The relevance of human fetal subplate zone for developmental neuropathology of neuronal migration disorders and cortical dysplasia.

CNS Neurosci Ther 2015 Feb 14;21(2):74-82. Epub 2014 Oct 14.

Croatian Institute for Brain Research, University of Zagreb School of Medicine, Zagreb, Croatia.

The human fetal cerebral cortex develops through a series of partially overlapping histogenetic events which occur in transient cellular compartments, such as the subplate zone. The subplate serves as waiting compartment for cortical afferent fibers, the major site of early synaptogenesis and neuronal differentiation and the hub of the transient fetal cortical circuitry.
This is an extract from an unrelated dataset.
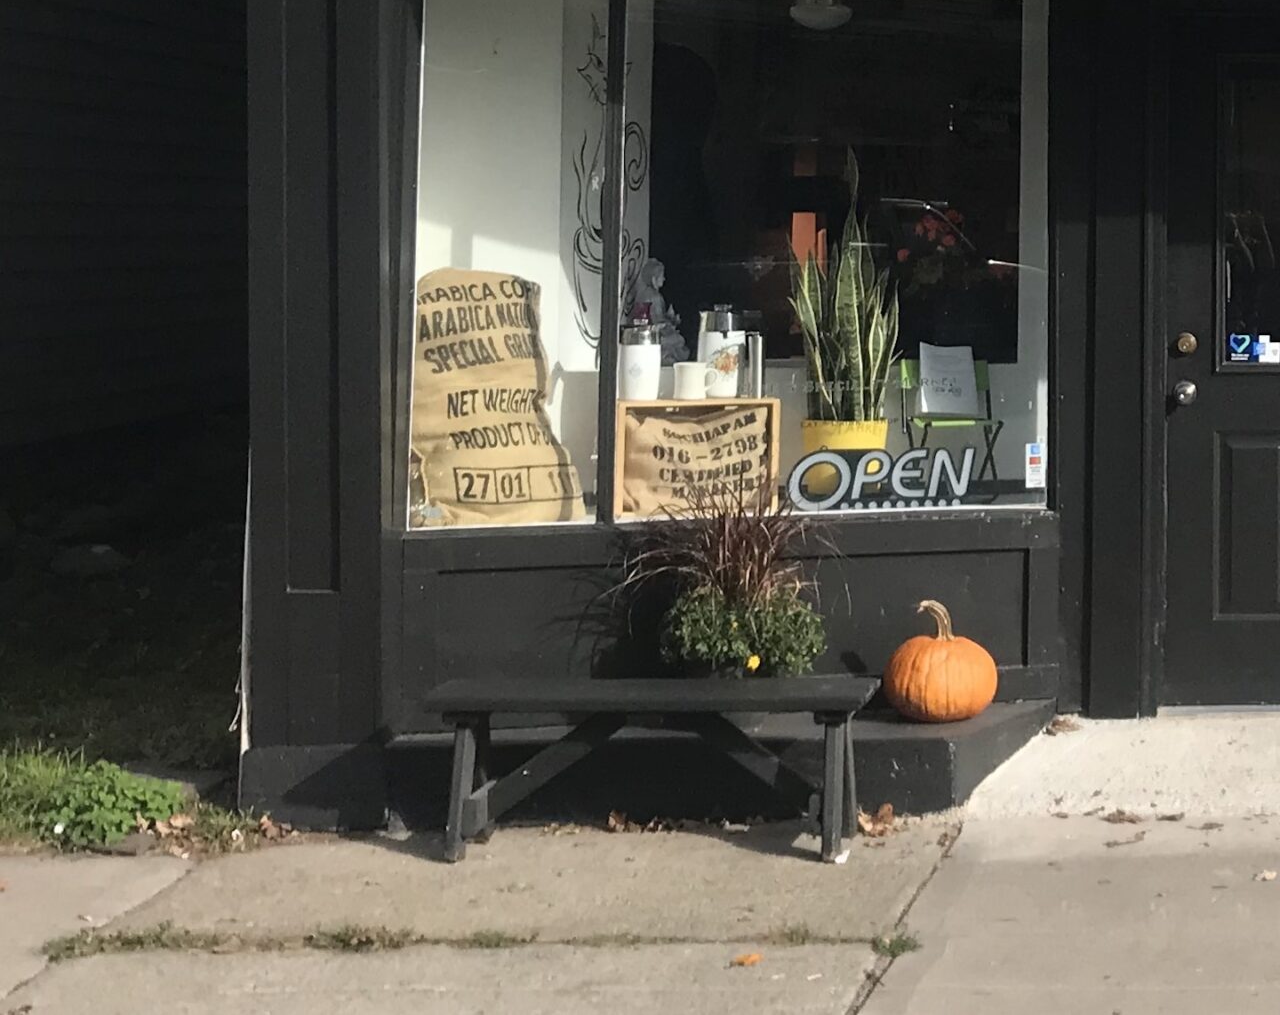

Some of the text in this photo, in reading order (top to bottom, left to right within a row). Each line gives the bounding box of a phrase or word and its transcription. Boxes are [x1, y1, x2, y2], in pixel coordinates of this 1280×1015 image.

Thus, the subplate has an important but hitherto neglected role in the human fetal cortical connectome. The subplate is also an important compartment for radial and tangential migration of future cortical neurons. We review the diversity of subplate neuronal phenotypes and their involvement in cortical circuitry and discuss the complexity of late neuronal migration through the subplate as well as its potential relevance for pathogenesis of migration disorders and cortical dysplasia. While migratory neurons may become misplaced within the subplate, they can easily survive by being involved in early subplate circuitry; this can enhance their subsequent survival even if they have immature or abnormal physiological activity and misrouted connections and thus survive into adulthood. Thus, better understanding of subplate developmental history and various subsets of its neurons may help to elucidate certain types of neuronal disorders, including those accompanied by epilepsy.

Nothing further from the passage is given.